七十五. 光の雨
右陽と左陽の拳が綺麗な金色に光る。無論、矢筈たちはどんな技を仕掛けてくるかは分からない。ただ、先ほどの会話から、大きな技だ。ということは判明していた。
「本当にこの技を出すんですか? 右陽さん」
「しょうがないでしょ。出さないまま負けても意味ないじゃない」
この会話は明らかに、あまり出したくない大きな技、ということを表している。
矢筈は真っ白な天井に向かって伸びる剣をしっかり握った。須永も防御の体勢をとる。
右陽と左陽の拳が、太陽くらい光ったところで、技が発動される。
二人は天井に向かって拳を突き上げ、そこから発射される光線を一点に集めた。そしてその光線が集まったところから、矢筈たち目掛けて発射。それも無数。そう、まるで豪雨の如く、矢筈たちに襲い掛かった。
『ライトニングシャワー!』
正直に、こんな技避けられるはずがない。逃げ場はない、どこかにいても一滴は当たる雨だ。そんなの基本に過ぎない。
「雷剣!」
ならば力で粉砕するしかない。そう考えた矢筈は剣に雷を纏わせ、ライトニングシャワー目掛けて薙ぎ払った。しかし、一滴ではない。矢筈の周りだけでも数えきれないほどの光線が降り注いでいる。そう簡単に祓えるものではなかった。

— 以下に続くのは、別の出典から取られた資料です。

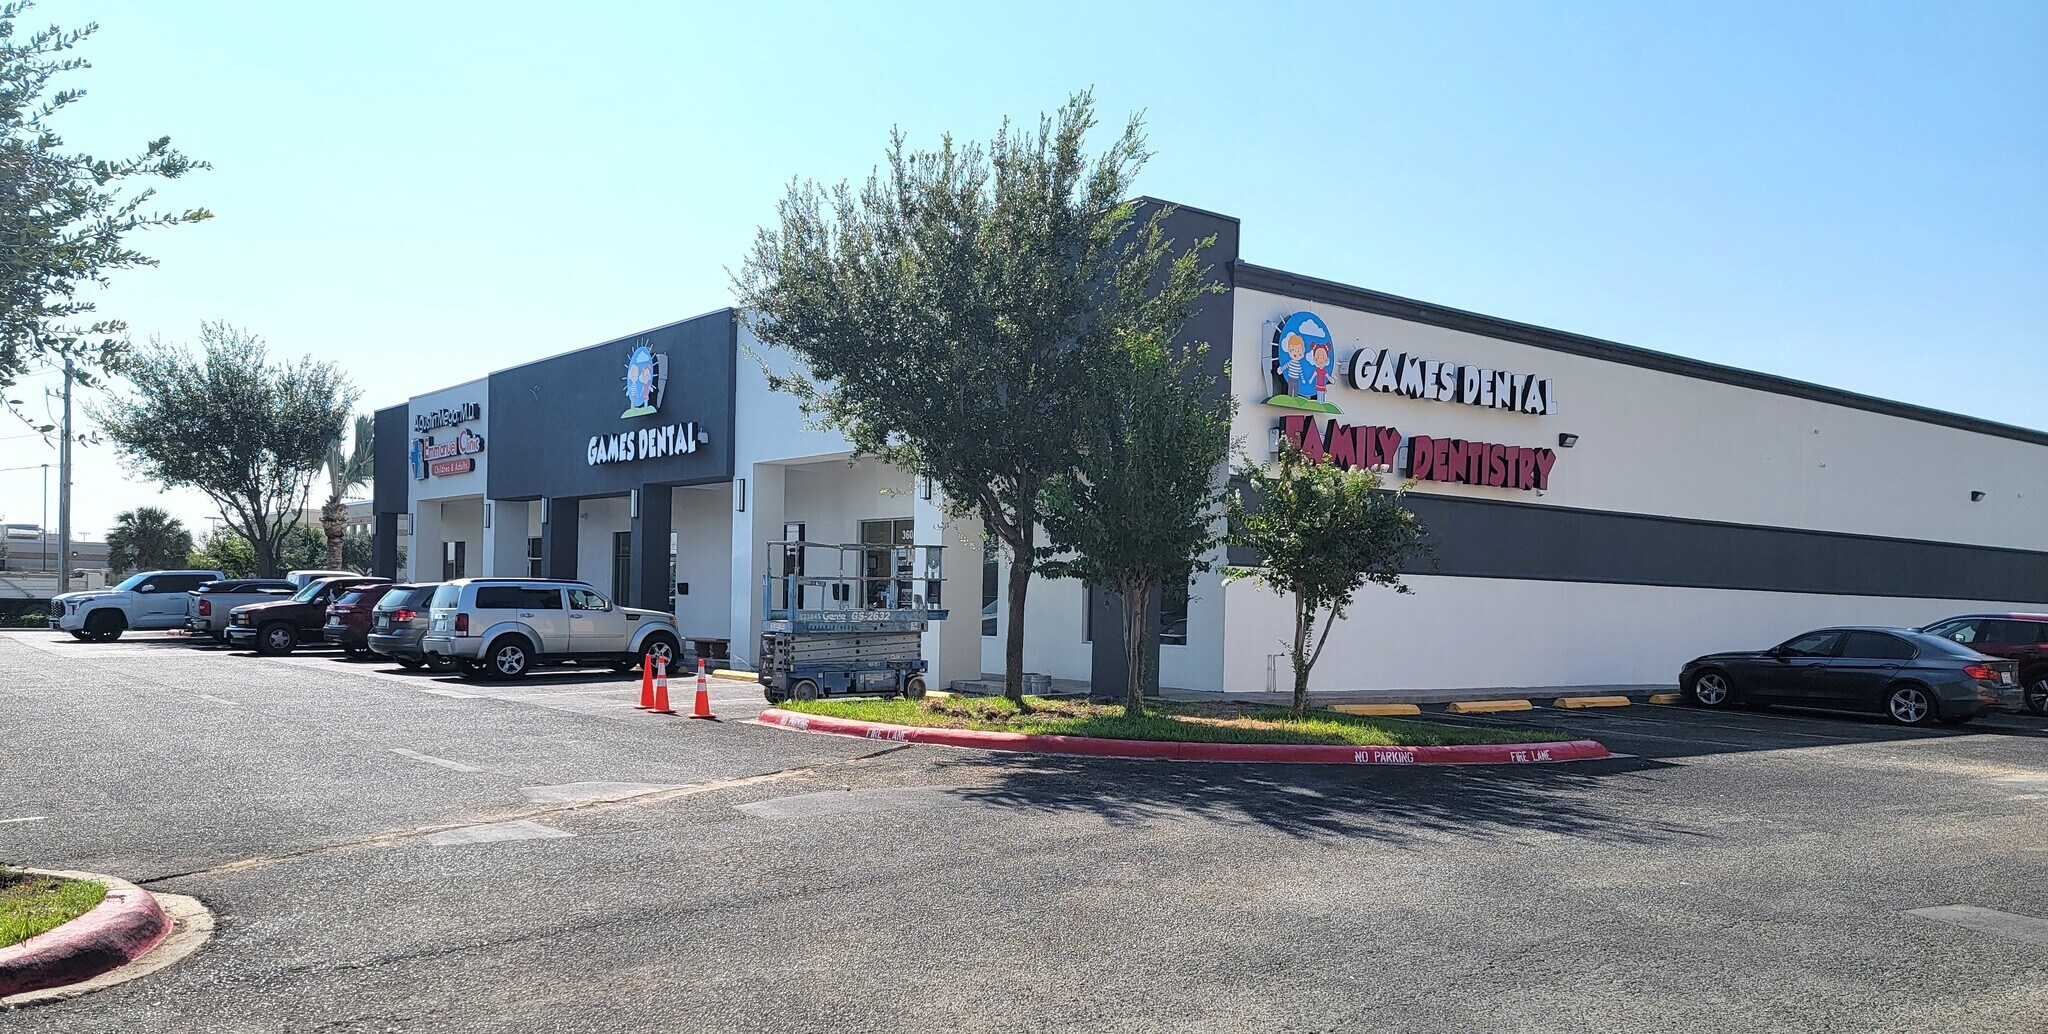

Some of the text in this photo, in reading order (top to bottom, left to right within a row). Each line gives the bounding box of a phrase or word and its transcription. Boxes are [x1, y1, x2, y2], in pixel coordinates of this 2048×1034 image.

天国護廷7では大牙の次くらいに力のある矢筈でも、これには対処できなかった。
それは須永も同じである。そもそも、ブーメランという遠距離武器ではこの攻撃に対処できるはずがなかった。
そうして二人はライトニングシャワーの餌食となってしまったのである。
あたりはすっかり焦げてしまった。光線とはいえ、とてつもない熱力を持っている。それに焦げないほうがおかしい。

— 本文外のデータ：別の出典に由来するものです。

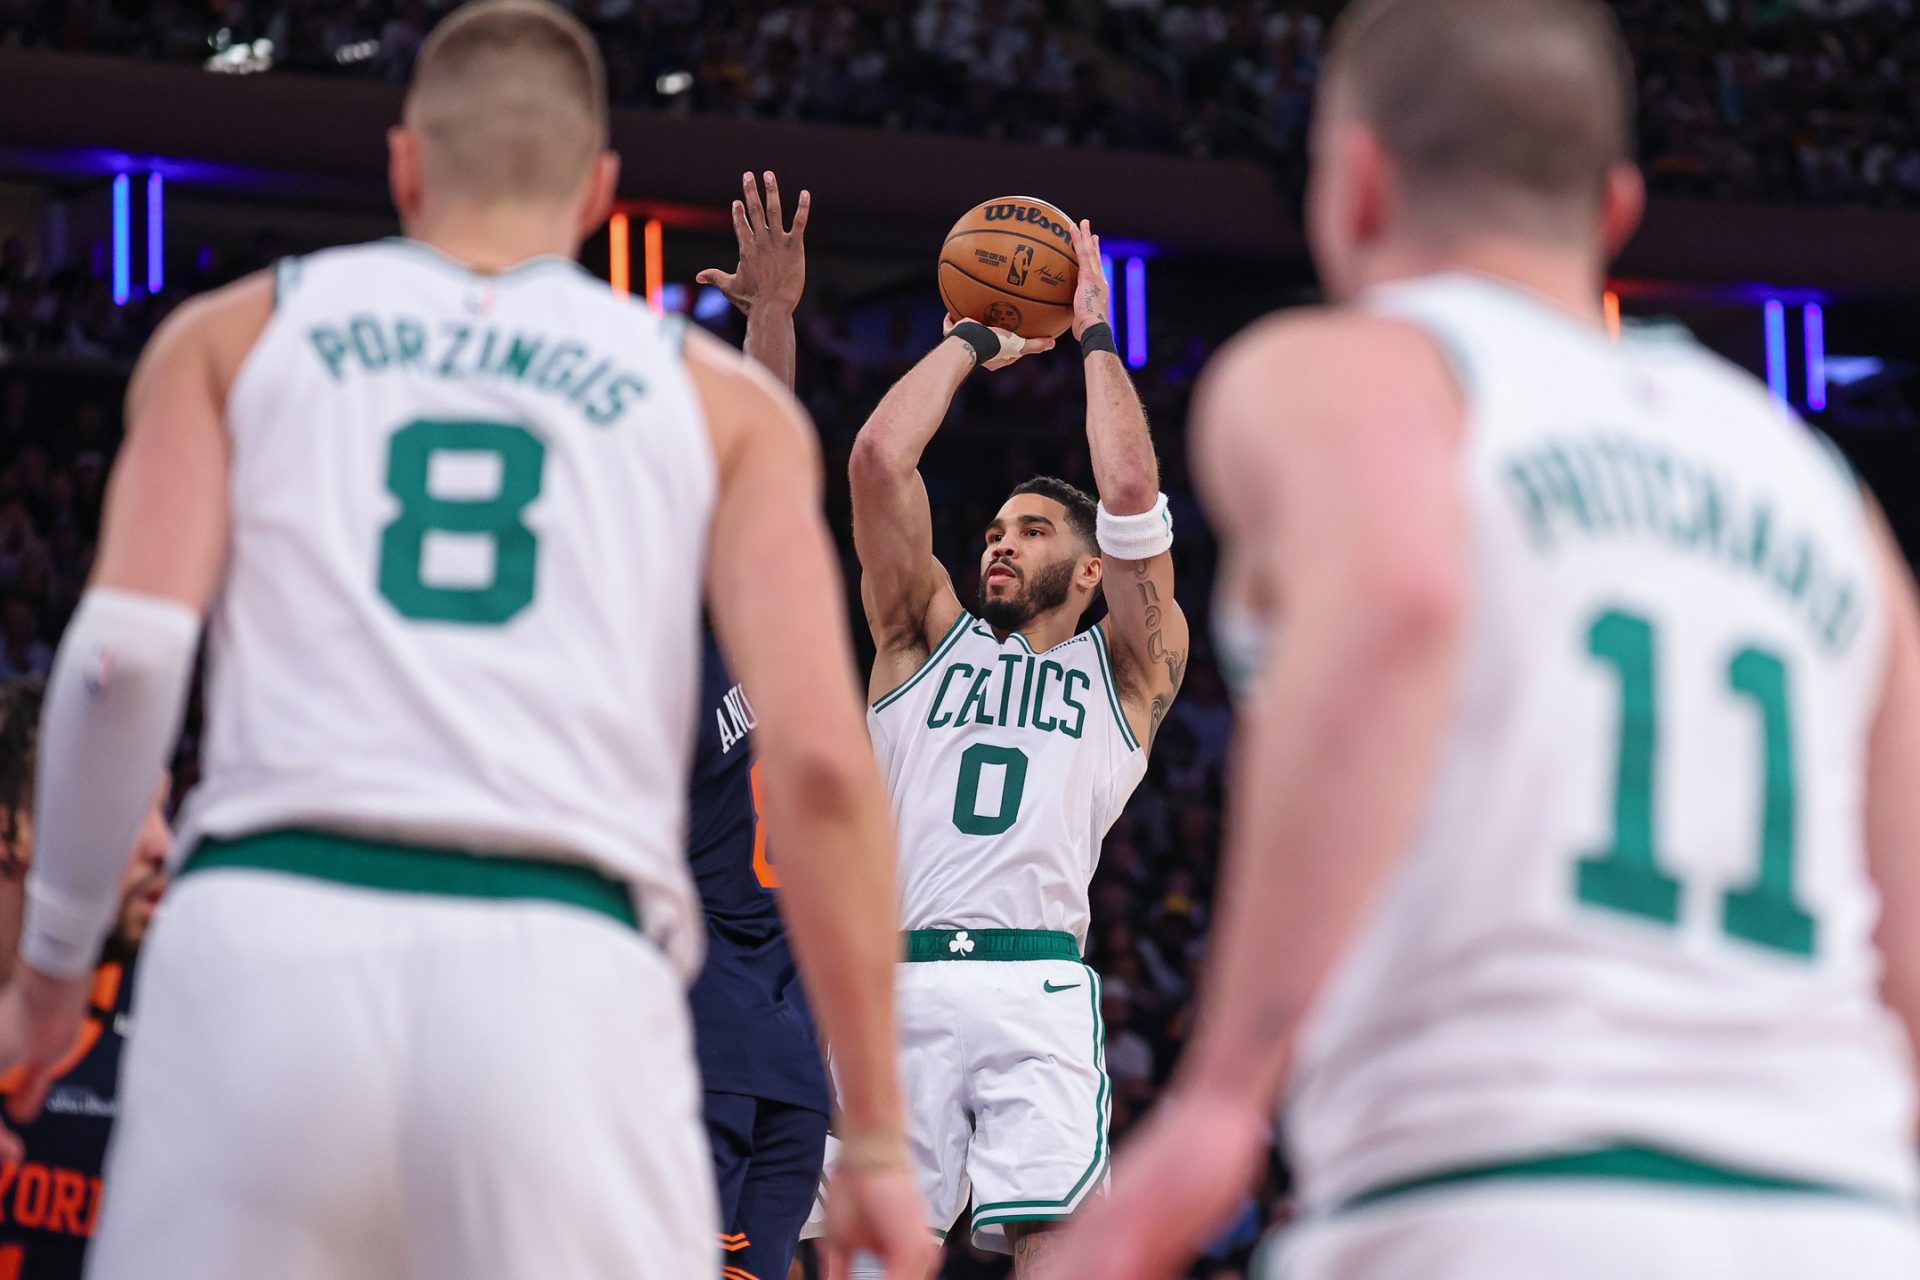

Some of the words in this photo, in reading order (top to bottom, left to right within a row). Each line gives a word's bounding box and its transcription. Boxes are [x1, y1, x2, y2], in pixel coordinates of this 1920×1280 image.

[309, 314, 649, 428] PORZINGIS
[374, 417, 551, 630] 8
[1135, 560, 1166, 665] Deuc
[952, 742, 1029, 837] 0
[1572, 606, 1818, 963] 11
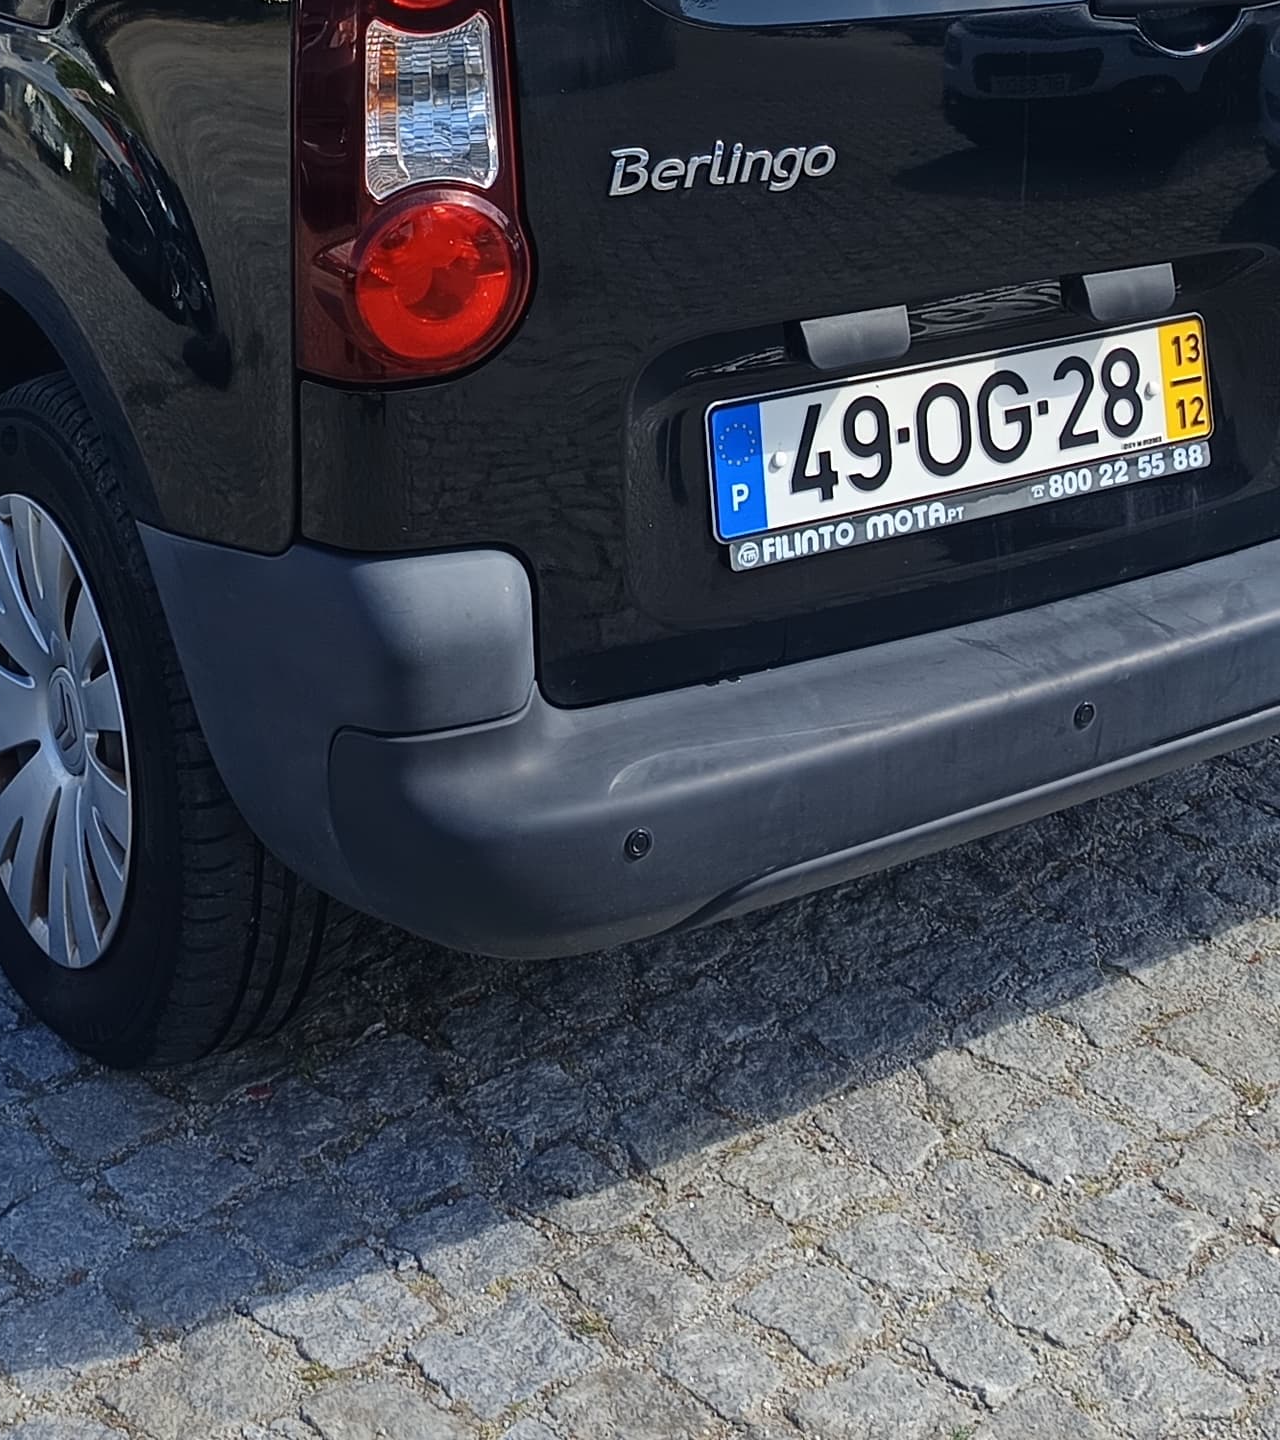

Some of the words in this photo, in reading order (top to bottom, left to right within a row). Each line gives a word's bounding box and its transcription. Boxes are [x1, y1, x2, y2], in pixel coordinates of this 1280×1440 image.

[608, 139, 837, 197] Berlingo
[1170, 333, 1201, 367] 13
[1176, 395, 1206, 430] 12
[1048, 468, 1093, 498] 800
[1098, 460, 1129, 488] 22
[1137, 452, 1166, 478] 55
[1173, 444, 1204, 470] 88
[731, 483, 750, 511] P
[762, 521, 856, 563] FILINTO

その焼け野原のような部屋にあるのは、少し傷ついた右陽と左陽。そして光線にやられてしまった矢筈と須永だけ。
「ふぅ……さすがにもう立てないでしょ」
と、額から出てきた汗を拭いながら右陽が言う。それに左陽もコクリと頷いた。
このままやられてしまうのか……それは、矢筈たち次第となった――。
☆
真っ赤な絨毯に真っ黒な壁。血を連想させられる部屋に連れてこられた水裟。そこにいたのは炎石の王と思われる男性。真っ黒な髪の毛が少しはねている天然パーマ。服装は炎石特徴の赤いシャツにキングコート。
その王の前に水裟は正座させられた。王はそのあと頷き、水裟に話しかけた。
「初めまして、かな。お姫様」
「…………」
水裟は何も言葉を発せられなかった。決して話したくない、という意志ではなく、喉が思うように動かないのだ。この炎石の異常な気温の中、一度も水分補給をしていないので無理もない。体温は水氷輪の影響で何とか保たれているのだが。
「ちょっとお話があってね。返事がなくても進ませてもらうよ」
「…………」
「僕ね……見つけちゃったんだ。水氷輪を外す方法」
「……!?」
水裟は声にならない驚きの声をあげた。水氷輪を他人が外すなど、できないはずだ。
王の口が吊り上がったのを、水裟は見てしまった――。